Does a church have the right to hire or fire the preacher without worrying about government interference?
If a Catholic priest decides he doesn’t accept the authority of the Pope, can the diocese recall him without worrying about the National Labor Relations Board? Can the local Baptist church fire a youth minister who announces he speaks in tongues and all the high schoolers will go to hell if they don’t?
While the question seems obvious, it goes before the U.S. Supreme Court next week with a bit of a twist. Does the same “ministerial exception” apply to other employees? During the opening week of its new term, the court will hear oral arguments in what some observers say is the most important religious liberty case in decades — Hosanna-Tabor Evangelical Church and School v. Equal Employment Opportunity Commission.
In question is a 40-year-old constitutional doctrine known as the “ministerial exception.” It’s an interpretation of the First Amendment guaranteeing that the government may not meddle in the free exercise of religion.

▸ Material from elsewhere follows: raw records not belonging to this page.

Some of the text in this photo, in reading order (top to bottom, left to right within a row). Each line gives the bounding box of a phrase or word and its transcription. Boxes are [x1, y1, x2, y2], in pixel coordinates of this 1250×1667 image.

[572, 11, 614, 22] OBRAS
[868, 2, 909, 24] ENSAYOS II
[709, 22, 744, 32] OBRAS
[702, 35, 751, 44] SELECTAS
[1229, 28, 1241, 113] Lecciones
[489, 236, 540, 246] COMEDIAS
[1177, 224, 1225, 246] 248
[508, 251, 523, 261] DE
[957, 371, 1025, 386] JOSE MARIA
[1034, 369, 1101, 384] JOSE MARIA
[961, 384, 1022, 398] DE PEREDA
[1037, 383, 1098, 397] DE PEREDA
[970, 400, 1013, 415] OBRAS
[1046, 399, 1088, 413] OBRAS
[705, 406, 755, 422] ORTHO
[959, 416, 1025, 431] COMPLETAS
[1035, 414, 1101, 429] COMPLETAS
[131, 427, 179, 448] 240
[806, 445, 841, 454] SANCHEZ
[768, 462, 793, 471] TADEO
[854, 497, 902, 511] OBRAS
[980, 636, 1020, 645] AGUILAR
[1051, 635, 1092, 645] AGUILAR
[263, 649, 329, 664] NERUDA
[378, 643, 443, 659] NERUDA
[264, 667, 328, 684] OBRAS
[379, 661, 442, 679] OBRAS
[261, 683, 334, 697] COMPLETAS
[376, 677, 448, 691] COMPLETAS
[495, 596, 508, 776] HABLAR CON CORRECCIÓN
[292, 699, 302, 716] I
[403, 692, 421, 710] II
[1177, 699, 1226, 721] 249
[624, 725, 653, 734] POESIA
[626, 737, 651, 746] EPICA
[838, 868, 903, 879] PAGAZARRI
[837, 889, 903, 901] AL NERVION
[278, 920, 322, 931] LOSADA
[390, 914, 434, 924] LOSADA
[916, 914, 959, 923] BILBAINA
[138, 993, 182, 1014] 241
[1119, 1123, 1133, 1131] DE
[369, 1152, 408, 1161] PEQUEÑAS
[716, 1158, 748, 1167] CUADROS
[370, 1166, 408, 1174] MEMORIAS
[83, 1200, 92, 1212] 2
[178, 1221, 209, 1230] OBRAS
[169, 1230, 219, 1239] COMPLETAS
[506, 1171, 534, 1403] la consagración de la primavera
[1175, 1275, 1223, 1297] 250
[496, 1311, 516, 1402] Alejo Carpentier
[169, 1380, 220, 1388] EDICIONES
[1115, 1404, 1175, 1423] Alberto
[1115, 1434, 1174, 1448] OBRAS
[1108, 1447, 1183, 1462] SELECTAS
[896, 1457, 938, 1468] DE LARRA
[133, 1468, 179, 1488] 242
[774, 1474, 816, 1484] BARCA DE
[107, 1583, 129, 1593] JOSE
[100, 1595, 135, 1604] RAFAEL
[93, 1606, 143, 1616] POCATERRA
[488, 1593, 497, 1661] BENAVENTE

The question before the justices, writes Lauren Markoe for the Washington Post, is whether the exemption protects churches and other religious institutions from government interference in their employment decisions:
Few would dispute that a religious congregation should be unfettered when it chooses to hire or fire clergy. But what about other church employees?
“Advocates for the ministerial exception argue that religious institutions, in their hiring and firing, should be regulated as little as possible,” said Ira C. Lupu, a professor at The George Washington University School of Law who specializes in church-state cases. “On the other side are those concerned that a particular group is cast outside the various protections of civil rights laws.”

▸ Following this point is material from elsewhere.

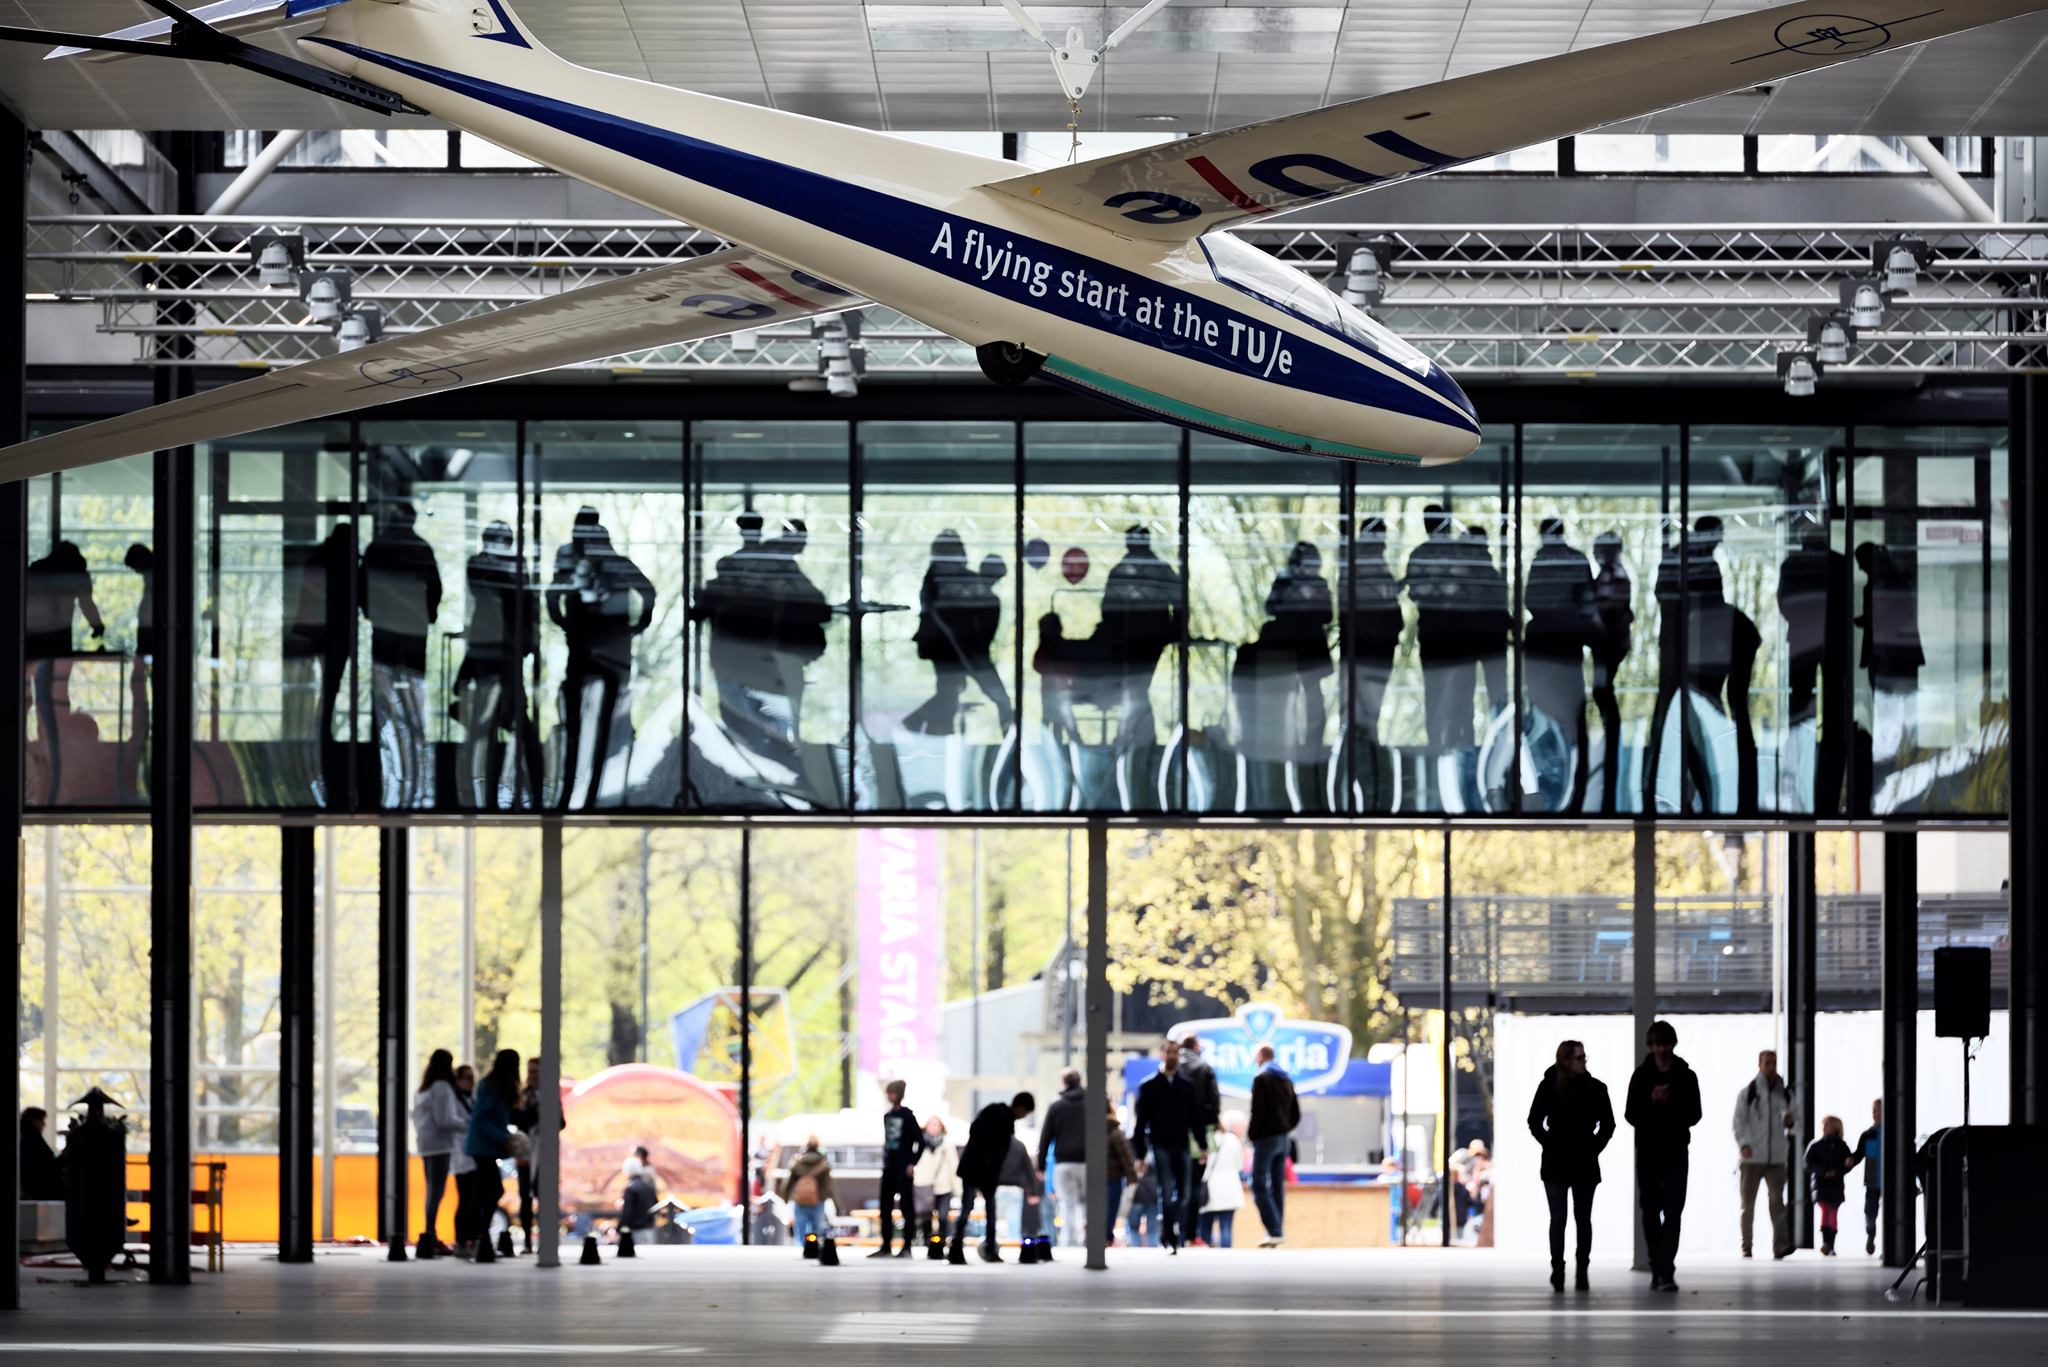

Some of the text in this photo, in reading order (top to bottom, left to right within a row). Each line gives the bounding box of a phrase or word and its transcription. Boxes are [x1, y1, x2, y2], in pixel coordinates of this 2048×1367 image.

“The doctrine upheld by lower courts for four decades protects religious organizations,” writes Hannah C. Smith for Salt Lake City’s Deseret News , “by exempting them from certain employment rules (anti-discrimination laws) relating to their ‘ministerial employees.’ The doctrine reflects the long-standing recognition of church autonomy in hiring and firing ministers without government interference.”
The issue is not as simple as it might seem, notes Smith, who clerked at the U.S. Supreme Court and is a member of the Deseret News’ editorial advisory board. She is also senior counsel at the Becket Fund for Religious Liberty, which will appear before the court in the case. She notes:
This freedom enables the church to define and control its leadership, beliefs, character and message. The question the Supreme Court will consider is who counts as a “ministerial employee” and thus whose employment status is within the sphere of the church’s autonomy.

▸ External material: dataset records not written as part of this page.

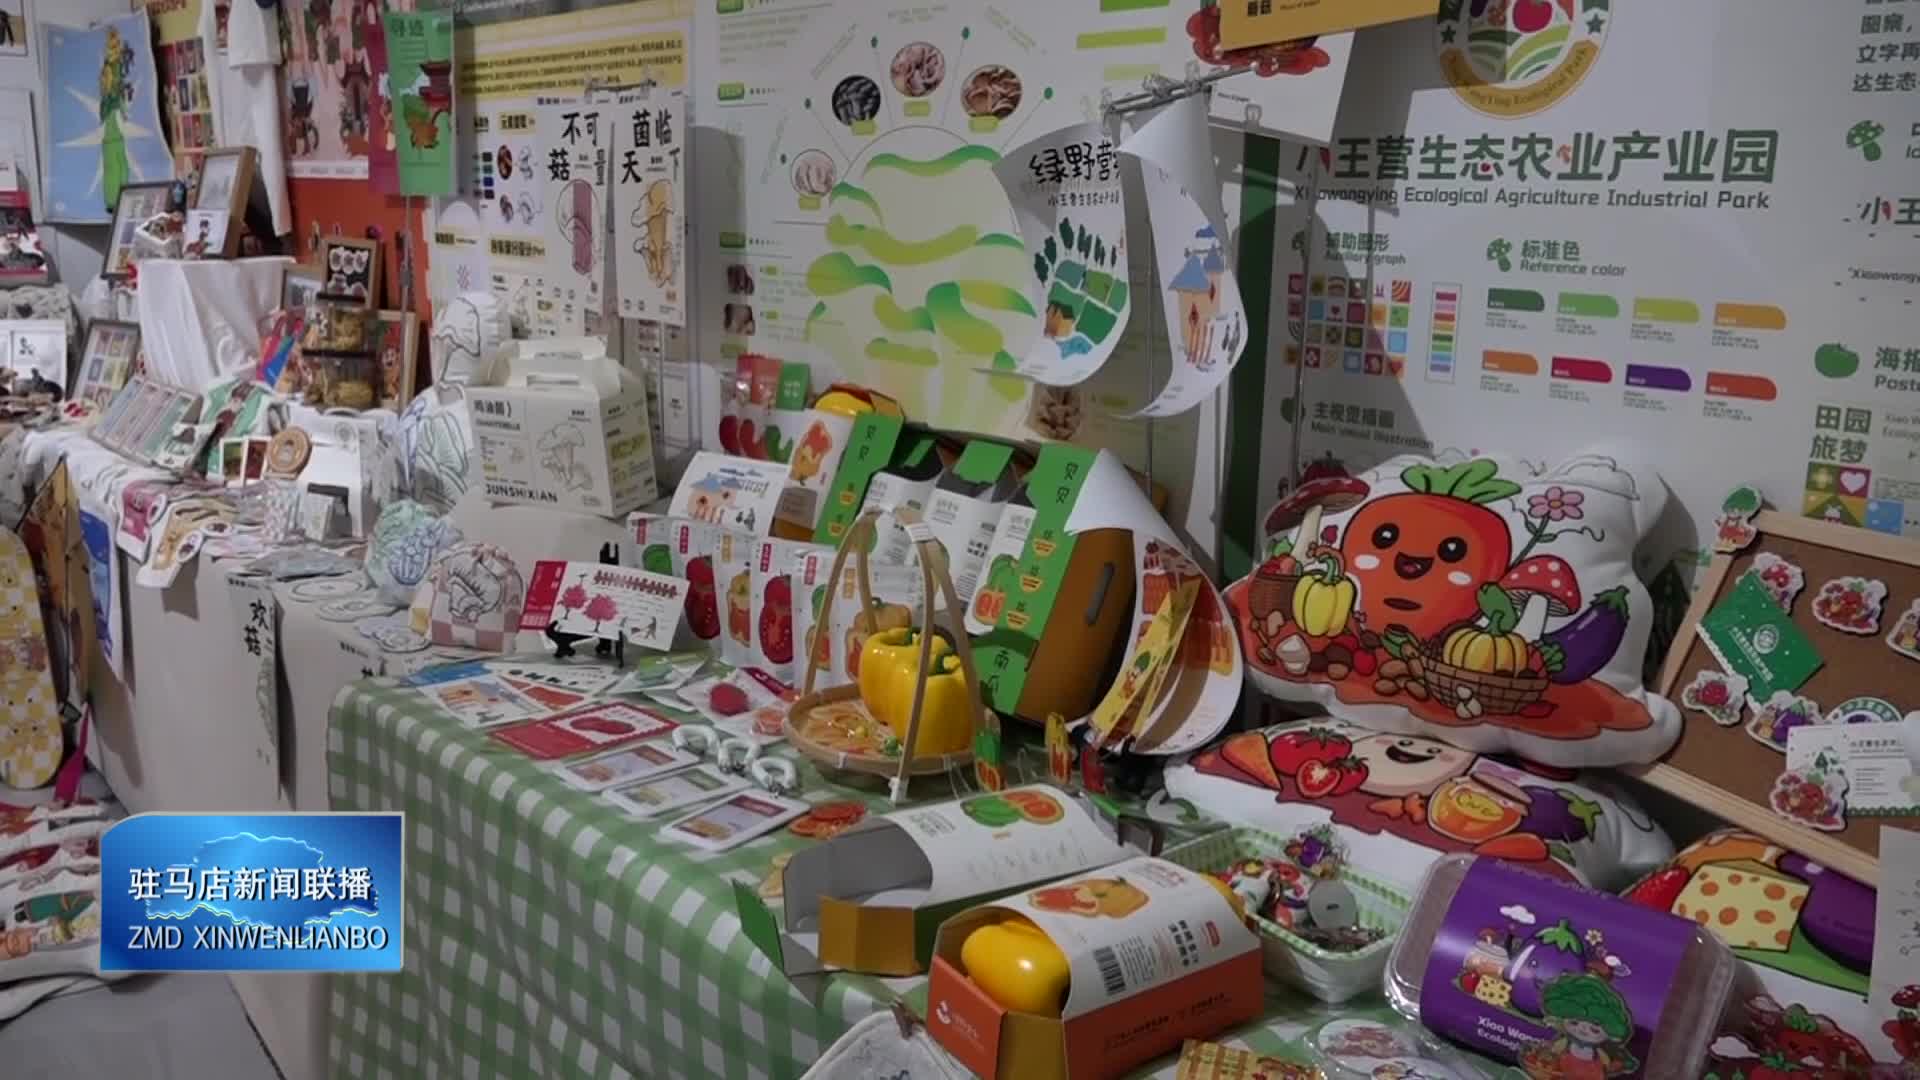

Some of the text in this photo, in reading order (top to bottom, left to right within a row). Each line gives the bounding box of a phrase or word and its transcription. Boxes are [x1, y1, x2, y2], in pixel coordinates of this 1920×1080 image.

[562, 112, 599, 146] 不可
[548, 149, 570, 181] 菇
[1028, 140, 1119, 184] 绿野营
[1404, 187, 1488, 207] Ecological
[1495, 188, 1599, 208] Agriculture
[1607, 189, 1708, 207] Industrial
[1717, 191, 1770, 210] Park
[1521, 239, 1582, 262] 标准色
[1519, 259, 1627, 278] Reference color
[1816, 404, 1873, 434] 田园
[1810, 435, 1869, 464] 旅梦
[485, 484, 558, 504] JUNSHIXIAN
[1478, 1015, 1505, 1033] Xiao

Hosanna-Tabor Evangelical School is a small, church-run evangelical Lutheran school in suburban Detroit. Its former fourth grade teacher— Cheryl Perich — was hired to teach an academic curriculum. But she was also hired to teach her students religion classes, lead class prayer, lead scriptural devotionals, attend school-wide chapel services with her class, infuse religion into the secular subjects she taught and be a good Christian role model to her students. In short, her job was to instill the Lutheran faith in the next generation in her classroom.
Perich took an extended leave of absence because of illness. The church hired a replacement. Following church doctrine based on 1st Corinthians, chapter 6, the church requires members and employees to follow an internal procedure for disputes.
“So when Perich threatened to take the church to court” instead of following the internal procedure, “she did so contrary to church teaching,” writes Smith. “The church released Perich from her call as a commissioned minister and teacher for insubordination and disruptive conduct in violation of church teachings.”
But can they do that? She filed a discrimination claim with the Equal Employment Opportunity Commission — seeking to be reinstated as a teacher at the school — over the objections of the church that runs the school. The church says that she was a “ministerial employee” and that her defiance of the church’s belief in resolving religious disputes out of court justified firing her.
A trial court ruled in the church’s favor. An appeals court sided with Perich.
Why is this big? Smith observes:
The Supreme Court long ago recognized that government may not tell churches whom to choose as their clergy, or how to transfer power from one leader to another, or whether to reinstate a religious leader who has been found unfit by the church. Courts may not reverse decisions made by religious tribunals or choose sides in a religious controversy. And the Supreme Court has been right.
If the First Amendment means anything, it means that the government is entirely incompetent to decide matters of religious faith, doctrine and practice.
Indeed, because of that constitutional protection written into the Bill of Rights, Mormons can require that their missionaries be Mormons, Lutherans can refuse to put Hindu priests in their pulpits and the Catholic Church can require that all nuns be female.
If, as the EEOC urges, the Supreme Court decides the ministerial exception should not exist at all, the floodgates open for lawsuits claiming all sorts of “discrimination” by religious institutions that heretofore had been accepted as a legitimate form of religious expression.
More likely, the Supreme Court will recognize the danger of eliminating that exception and will uphold the doctrine as grounded in our constitutional history and applicable to the teacher in this case. Whatever the outcome, the decision will likely have a significant impact on the level of autonomy of many religious institutions in this country.